• WORK TO COMPLETE: Leave out the images and repeat every entry below exactly.
|---|
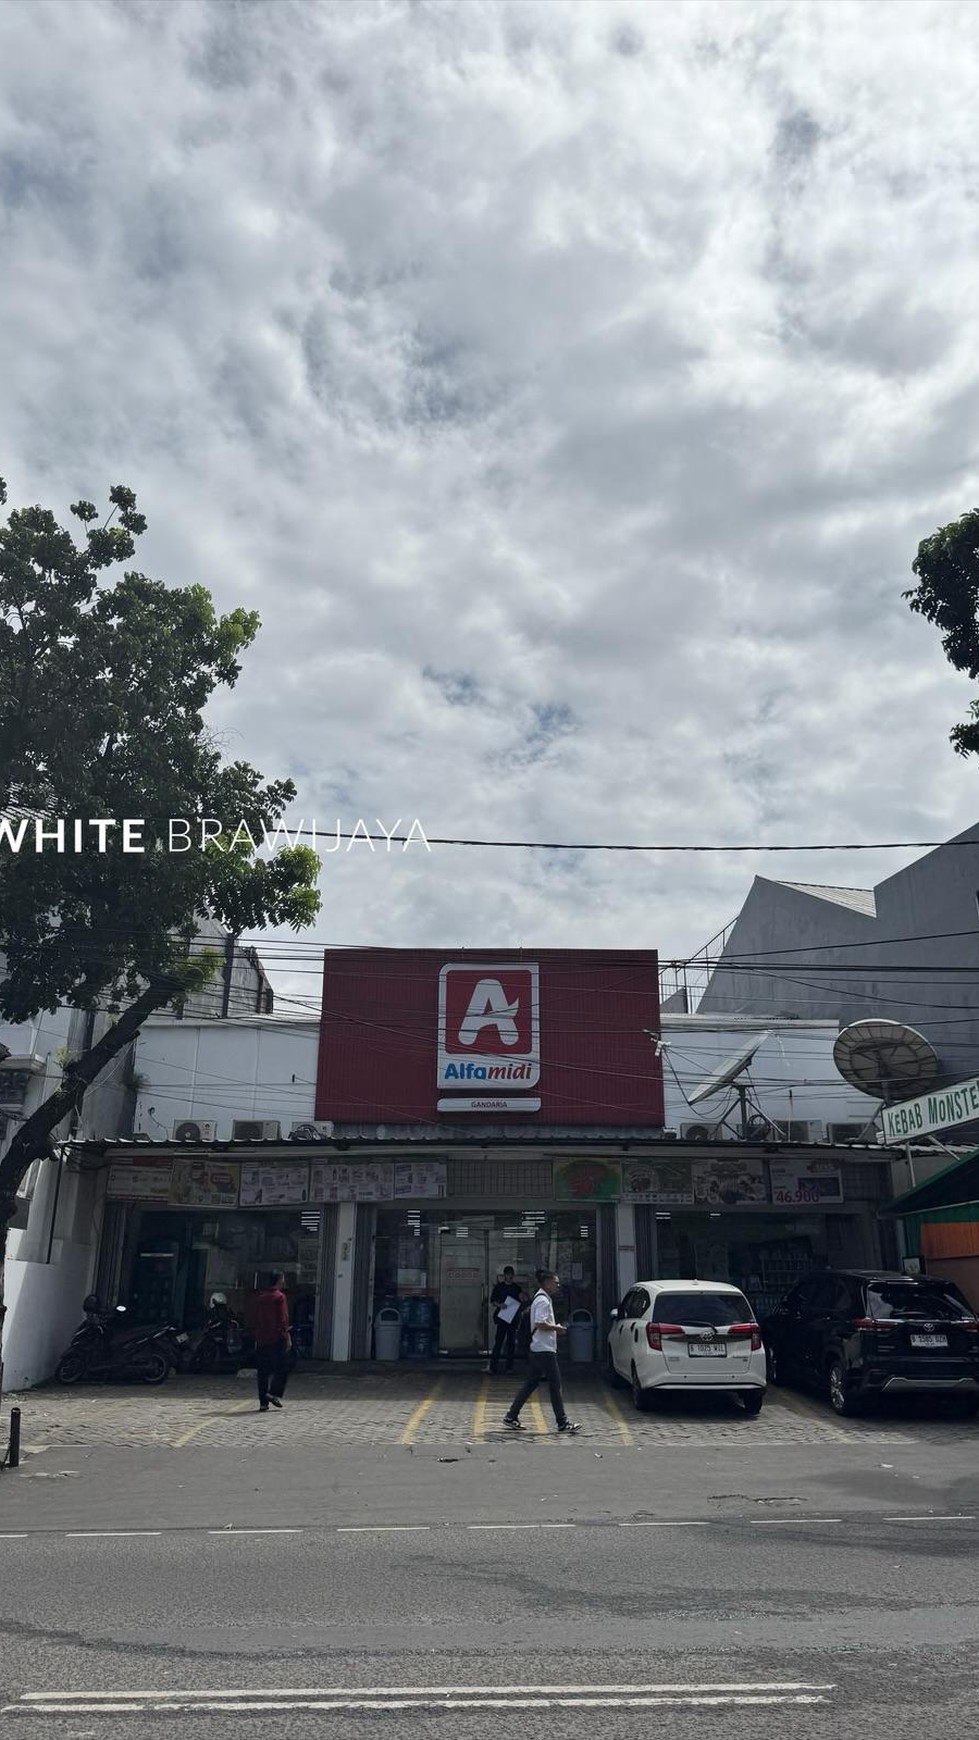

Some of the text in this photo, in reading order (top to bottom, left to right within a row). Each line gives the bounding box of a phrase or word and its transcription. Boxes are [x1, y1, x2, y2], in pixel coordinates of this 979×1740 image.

[444, 1062, 532, 1080] Alfamidi
[470, 1101, 508, 1109] GANDARIA
[887, 1079, 979, 1137] KEBAB MONSTE
[775, 1190, 820, 1203] 46.900
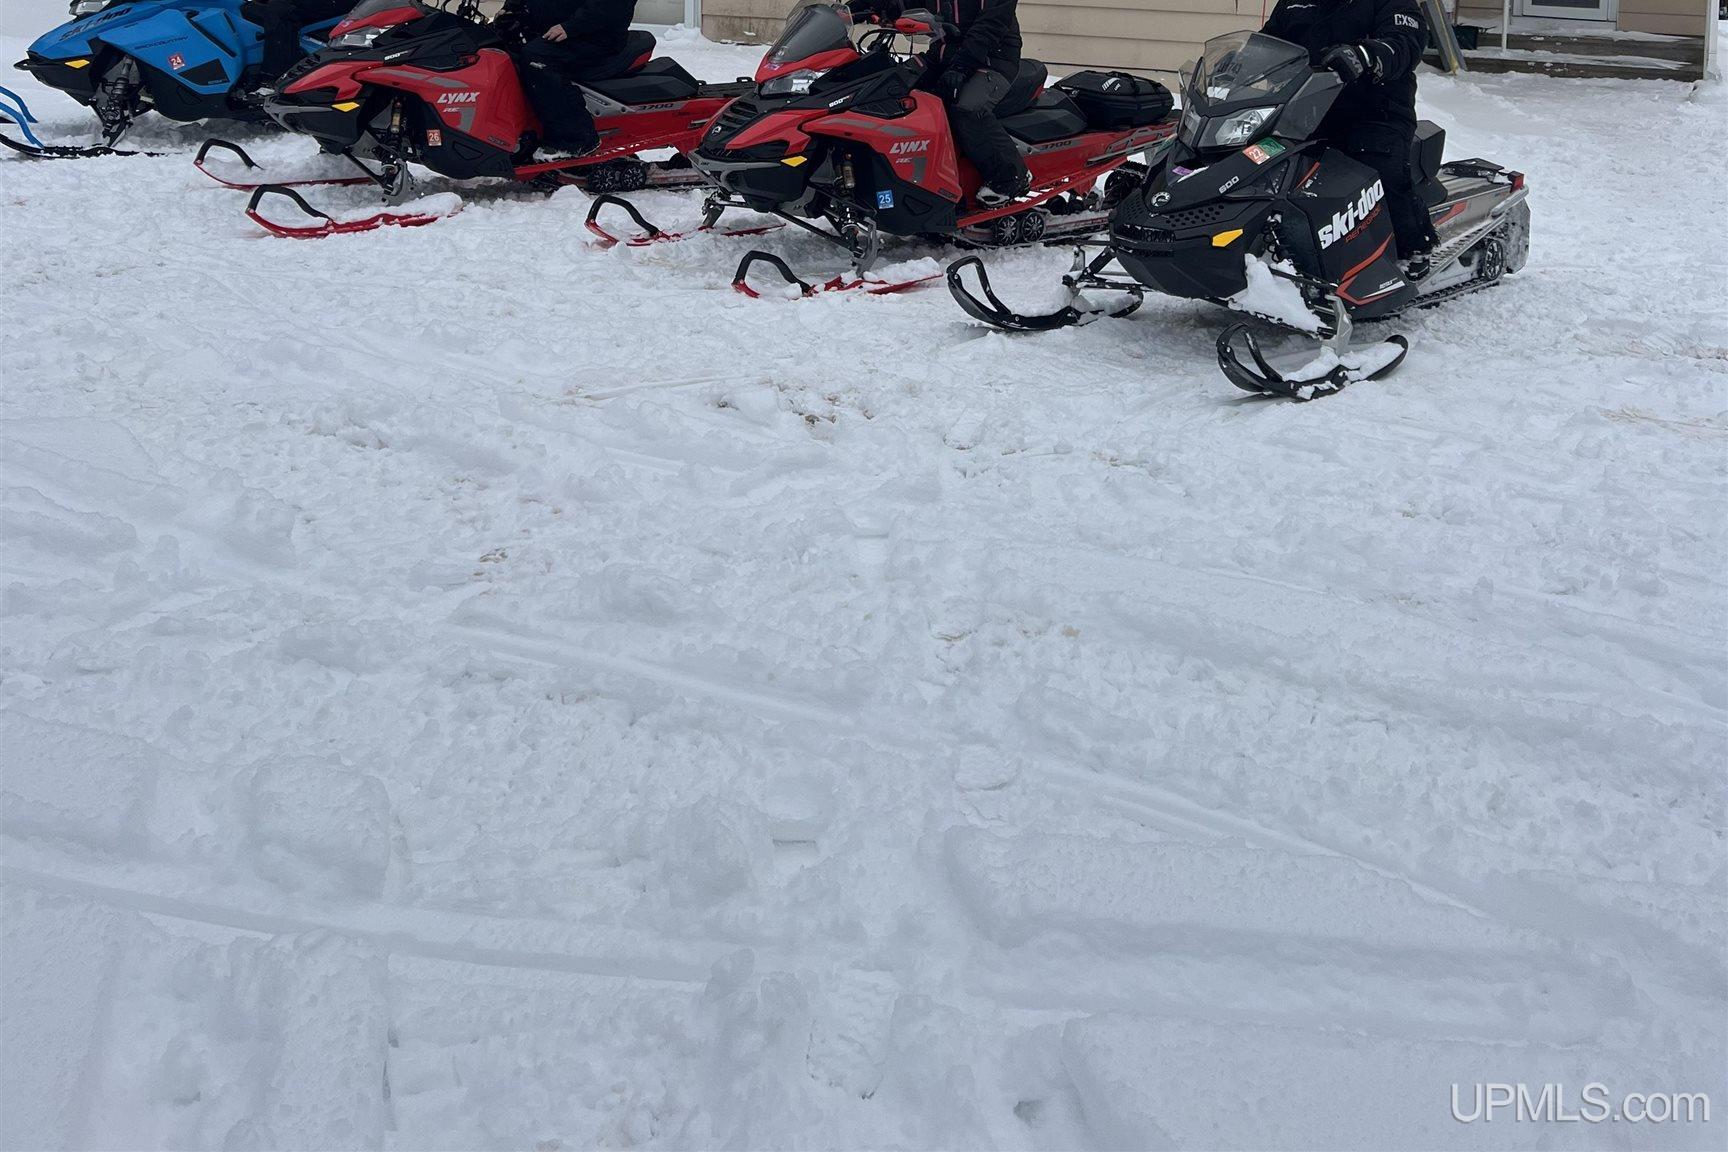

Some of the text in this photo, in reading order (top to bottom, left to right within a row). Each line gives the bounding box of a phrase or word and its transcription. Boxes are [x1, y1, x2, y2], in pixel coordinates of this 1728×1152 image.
|---|
• SOLUTION FOR THIS TASK:
Some of the text in this photo, in reading order (top to bottom, left to right within a row). Each line gives the bounding box of a phrase or word and its transcription. Boxes are [x1, y1, x2, y2], in pixel coordinates of this 979×1740 image.

[444, 1062, 532, 1080] Alfamidi
[470, 1101, 508, 1109] GANDARIA
[887, 1079, 979, 1137] KEBAB MONSTE
[775, 1190, 820, 1203] 46.900

Some of the text in this photo, in reading order (top to bottom, left to right within a row). Each line gives the bounding box of a phrase or word and its transcription. Boxes are [x1, y1, x2, y2], in pixel coordinates of this 1728×1152 image.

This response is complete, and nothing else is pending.